The model is trained for each label (event) separately. 

In [None]:
from sklearn.linear_model import LogisticRegression
    
def logistic_regression_validation(model, subject, draw=False):
    trainon_signals, trainon_labels = load_mass_data_subject(subject = subject,fromseries=1,toseries=7)
    teston_signals, teston_labels = load_train_data_prepared(subject= subject,series=8)
        
    lr = model  
    #success rates for different labels
    successRates=[]  
    onesSuccessRates=[]
    #Train the model for each label separately
    for label in labels:
        #In sklearn framework, we can call fit method repeatedly, because it resets the model
        lr.fit(trainon_signals, trainon_labels[[label]].values.ravel())        
        
        #Test success for all data
        successRates.append(lr.score(teston_signals, teston_labels[[label]].values.ravel()))           
                
        #Test of success for 1's only
        predictions = lr.predict(teston_signals)        
        actual = teston_labels[[label]].values.ravel()        
        
        print(label,"label model evaluation")
        printSucc(predictions.reshape(len(predictions),1), actual.reshape(len(actual),1), "Testing")
        if(draw):
            vizualize_predictions(teston_signals, predictions, actual, labelName=label,limit=5000)        
        
        total = 0
        successes = 0 
        for i in range(0, len(actual)):            
            if(actual[i] == 1):               
                total+=1
                if(predictions[i] ==1):
                    successes+=1       
                    
        onesSuccessRates.append(successes/total)
                
        

    #Compute average success for all labels
    total_success_rate = sum(successRates)/len(successRates)
    total_success_rate_ones = sum(onesSuccessRates)/len(onesSuccessRates);  
    
    print("SUMMARY")
    print("TOTAL:", "{:1.4f}".format(total_success_rate)) 
    print("EVENTS","{:1.4f}".format(total_success_rate_ones))   
    
    
    

Testing of the model for given subject 

Evaluating each label success rate separarely and averaging them.
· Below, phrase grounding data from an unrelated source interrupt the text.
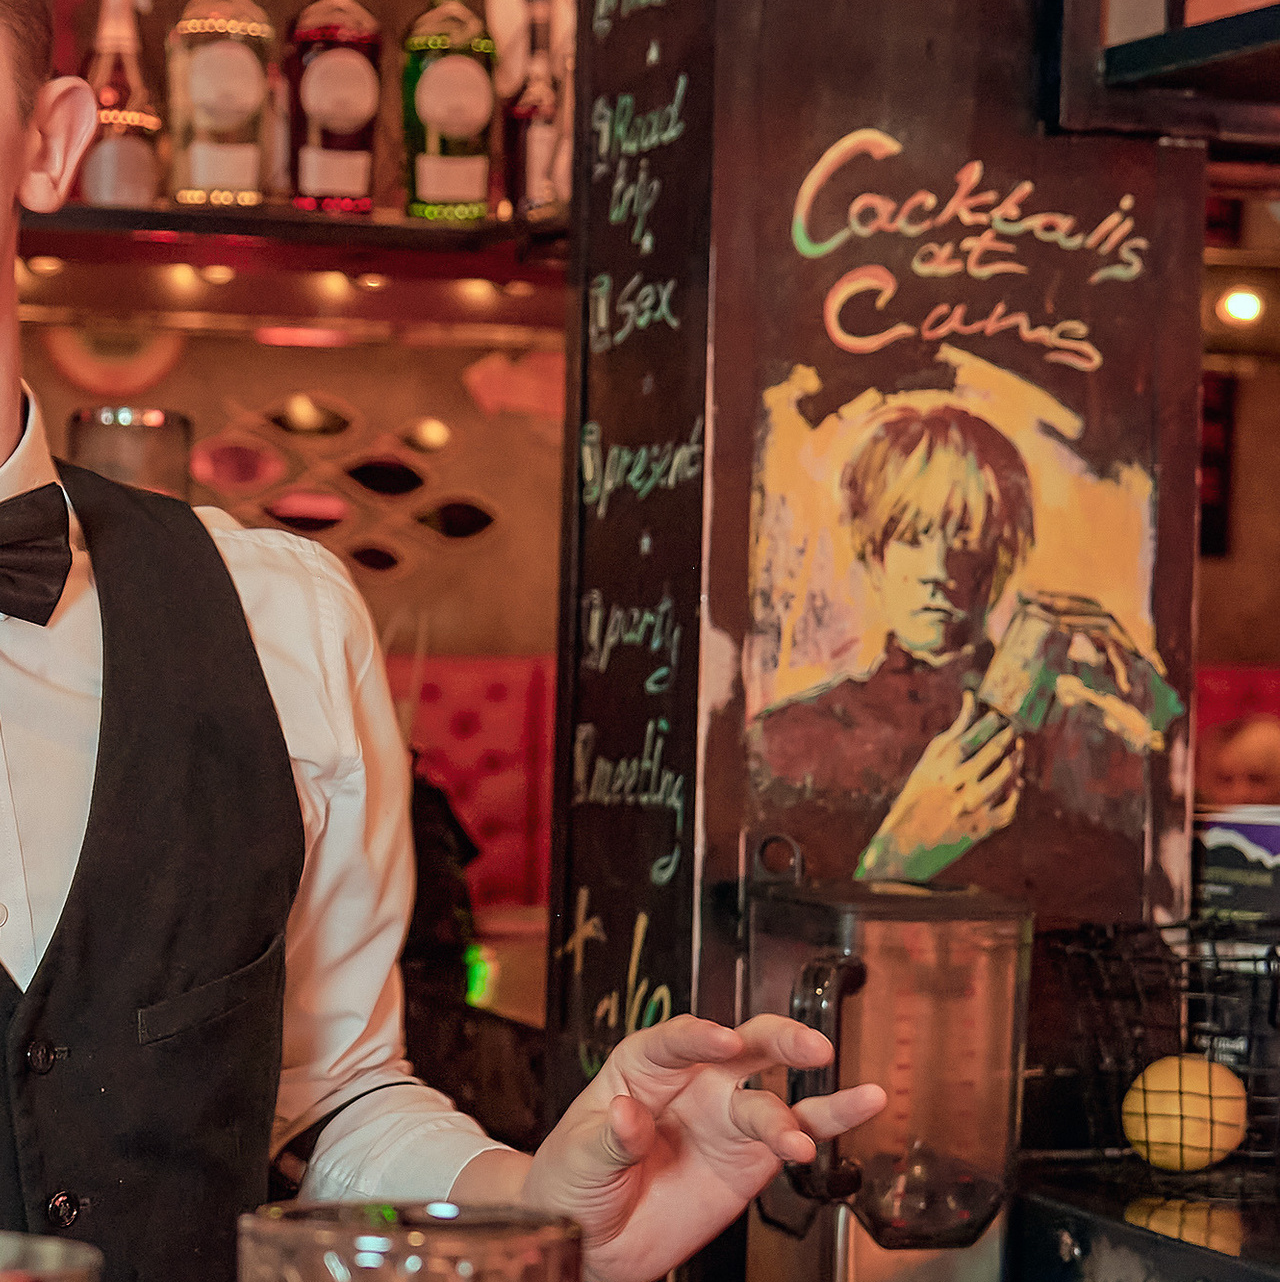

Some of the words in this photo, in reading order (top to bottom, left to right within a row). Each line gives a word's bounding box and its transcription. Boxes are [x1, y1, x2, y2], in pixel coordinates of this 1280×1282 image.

[791, 127, 1150, 285] Cocktails
[911, 228, 1028, 280] at
[613, 272, 681, 345] Sex
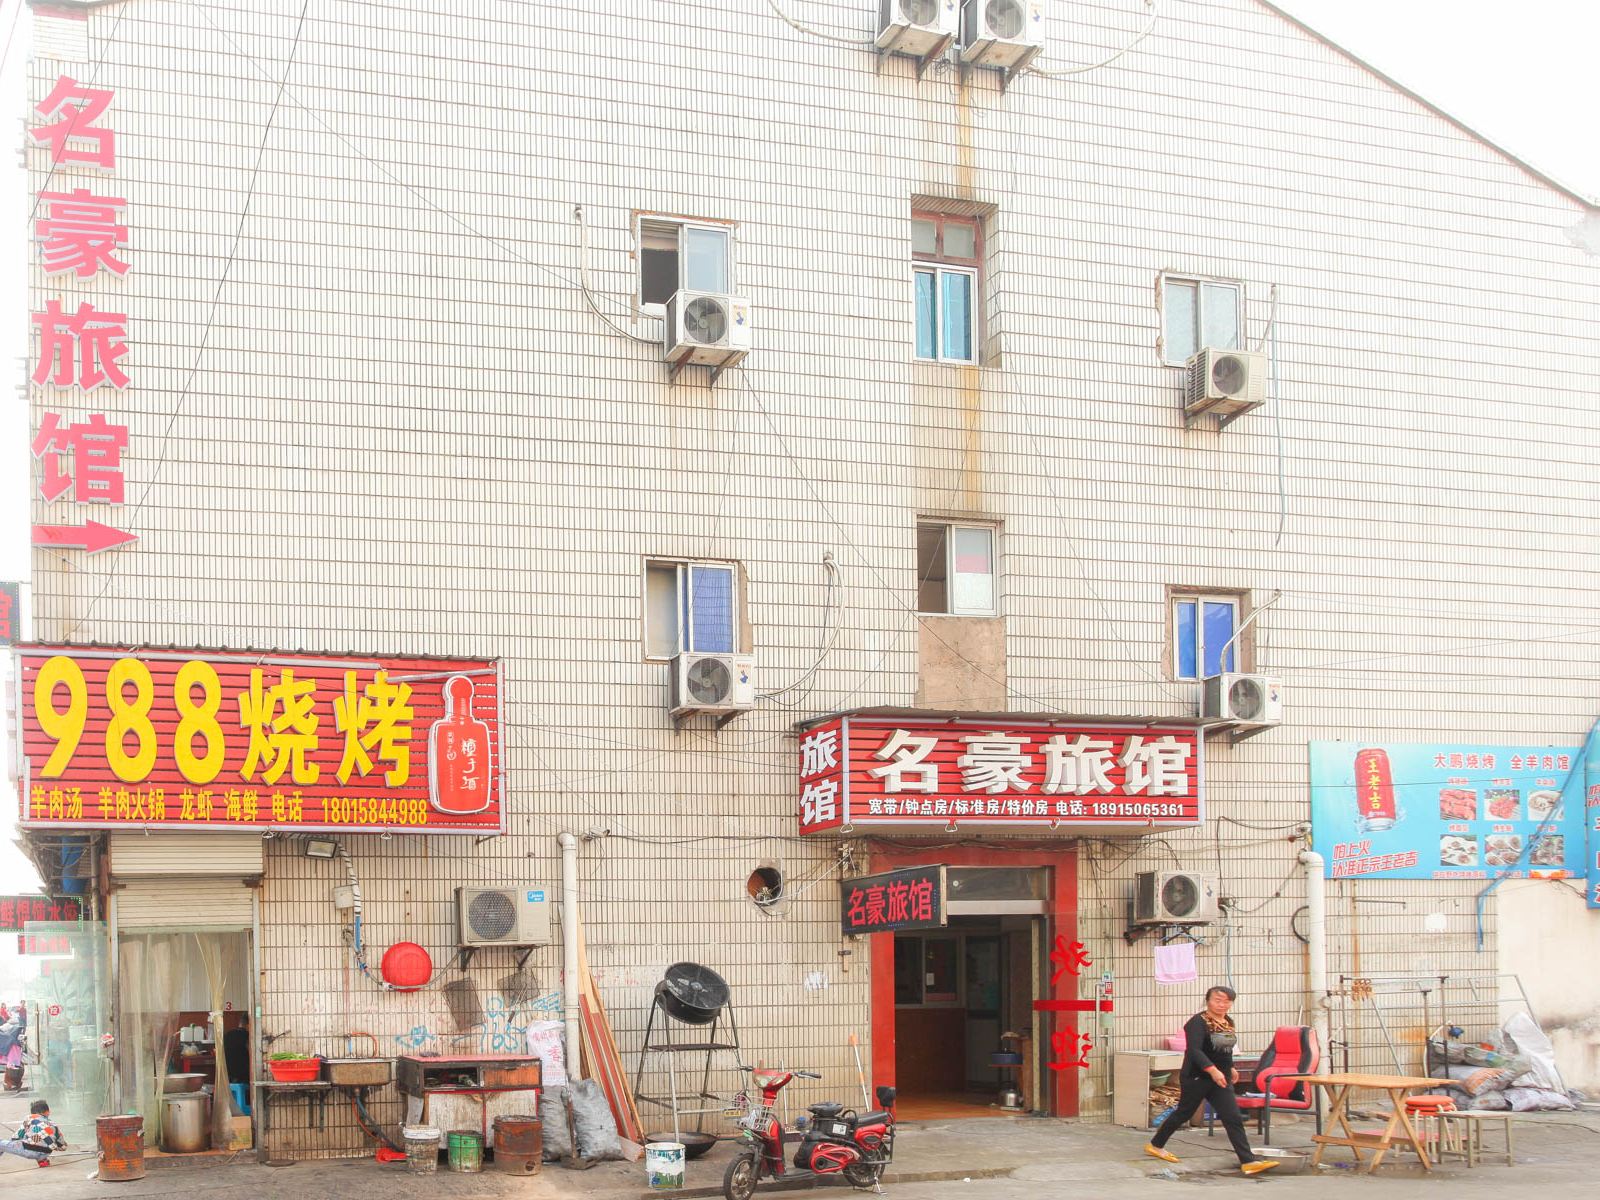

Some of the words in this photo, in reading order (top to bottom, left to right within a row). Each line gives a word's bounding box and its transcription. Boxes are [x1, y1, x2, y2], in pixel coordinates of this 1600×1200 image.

[30, 75, 131, 507] 名豪旅馆
[33, 656, 414, 787] 988烧烤
[800, 730, 838, 826] 旅馆
[867, 729, 1192, 796] 名豪旅馆
[1367, 758, 1382, 810] 王老吉
[1433, 753, 1496, 770] 大鹏烧烤
[1510, 755, 1570, 771] 全羊肉馆
[31, 787, 83, 819] 羊肉汤
[98, 788, 165, 820] 羊肉火锅
[179, 790, 213, 821] 龙虾
[223, 790, 259, 822] 海鲜
[272, 791, 304, 823] 电话
[321, 798, 428, 825] 18015844988
[868, 799, 1049, 816] 宽带/钟点房/标准房/特价房
[1092, 803, 1184, 816] 18915065361
[1332, 850, 1420, 879] 认准正宗王老吉
[1333, 840, 1372, 861] 怕上火
[847, 876, 933, 928] 名豪旅馆
Random behaviour has 50% success rate.

For given subject, we use first 7 series as training data and 8'th series as test data. 
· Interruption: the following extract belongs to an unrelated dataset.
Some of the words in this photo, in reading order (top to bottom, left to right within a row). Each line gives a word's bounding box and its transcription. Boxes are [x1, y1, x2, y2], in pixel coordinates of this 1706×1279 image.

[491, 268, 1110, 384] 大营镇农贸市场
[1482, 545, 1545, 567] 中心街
Only a portion of data is visualized.

In [None]:
model = LogisticRegression(solver='lbfgs', max_iter = 1000)
logistic_regression_validation(model=model, subject= 1, draw=True)

Since input data are sparse (there are a lot more 0's than 1's), balanced mode is tried.
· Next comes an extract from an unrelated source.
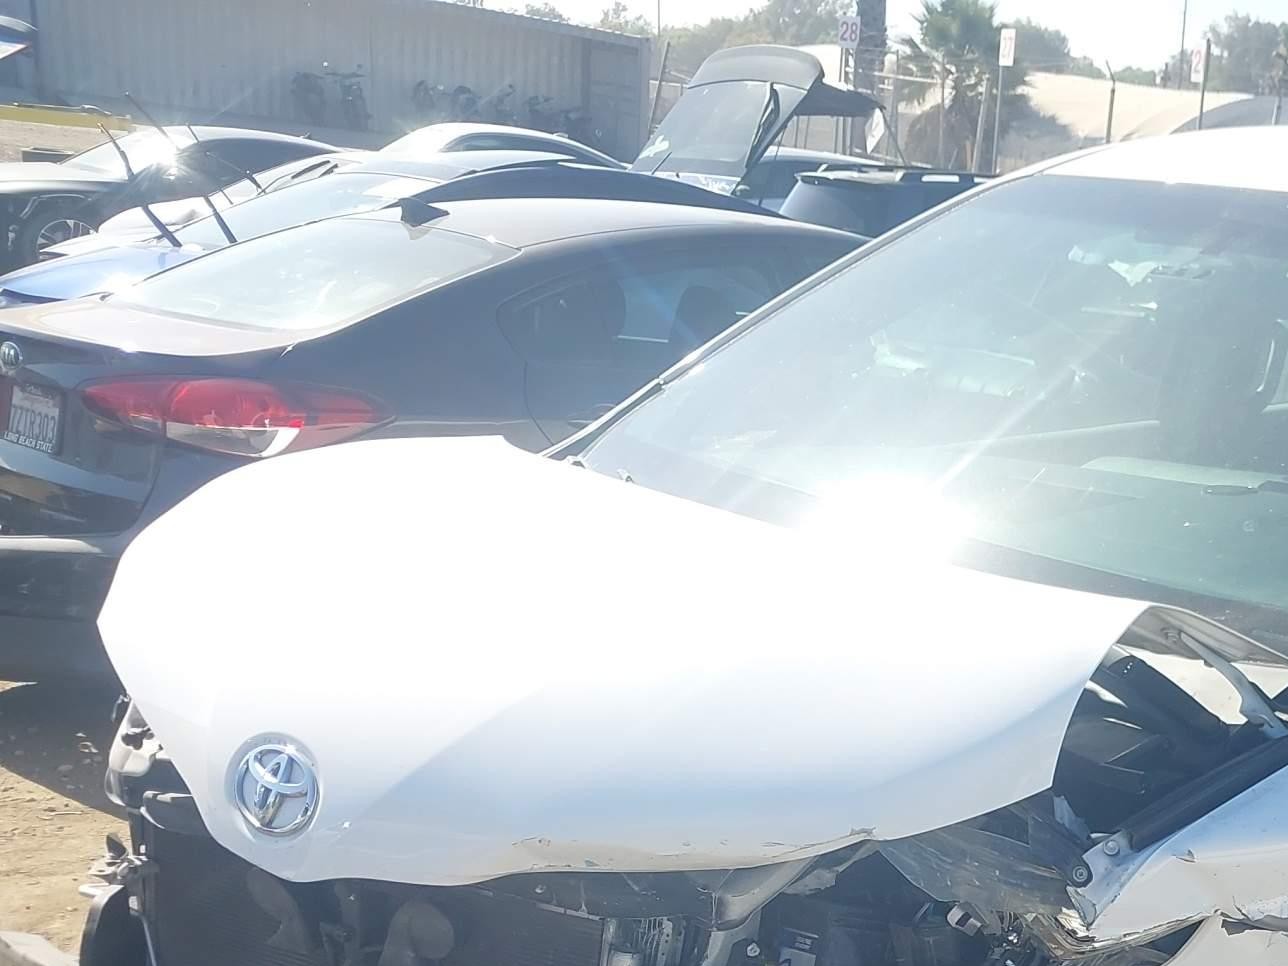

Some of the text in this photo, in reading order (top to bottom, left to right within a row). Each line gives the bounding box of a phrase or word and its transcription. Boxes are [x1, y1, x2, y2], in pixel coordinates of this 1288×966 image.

[840, 21, 858, 42] 28
[4, 430, 53, 453] LONG BEACH STATE
The “balanced” mode uses the values of labels to automatically adjust weights inversely proportional to class frequencies in the input data.

In [None]:
model = LogisticRegression(solver='lbfgs', max_iter = 1000, class_weight="balanced")
logistic_regression_validation(model=model, subject= 1, draw=True)

CSV file generation for competition submission

In [None]:
from sklearn.linear_model import LogisticRegression

def logistic_regression_training(trainon_signals,trainon_labels,teston_signals):    
    lr = LogisticRegression(solver='lbfgs', max_iter = 1000, class_weight="balanced")
    
    ids = teston_signals["id"]
    teston_signals = prepare_signals(teston_signals)       
    
    result = np.empty((len(teston_signals),len(trainon_labels.columns)))    
    
    labelcounter = 0    
    for label in labels:        
        lr.fit(trainon_signals, trainon_labels[[label]].values.ravel())        
        predictions = lr.predict_proba(teston_signals)[:,1]
        result[:,labelcounter] = predictions 
        labelcounter+=1
    return result, ids
       

def logistic_regression_submission():
    results=[]
    results_ids=[]
    for i in range(1,13):         
        train_signals, train_labels = load_mass_data(i,i)
        test_signals = load_test_data(i)
        res, ids = logistic_regression_training(train_signals,train_labels,test_signals)
        results.append(res)
        results_ids.append(ids)
    
    
    submission_name = "balanced-logistic-submission.csv"
    submission = pd.DataFrame(columns=labelNames, data=np.concatenate(results), index=np.concatenate(results_ids))
    submission.to_csv(submission_name,index_label="id",float_format='%.3f')

# Csv generation
# logistic_regression_submission()

**RECURRENT NEURAL NETWORK**

RNN with LSTM, dropout and activation layers

* Adam optimizer
* Binary crossentropy loss 
* Sigmoid activation layer

Transform 2D dataset to 3D for LSTM layer - add floating window of *look_back* length

In [None]:
def create_sequences(dataset,labels, look_back=1):
    dataX = []
    dataY = labels[look_back:]
    for i in range(len(dataset)-look_back):
        dataX.append(dataset[i:(i+look_back), ])
    return np.array(dataX), np.array(dataY)


Tests given rnn model on predicting label or more labels from testing data.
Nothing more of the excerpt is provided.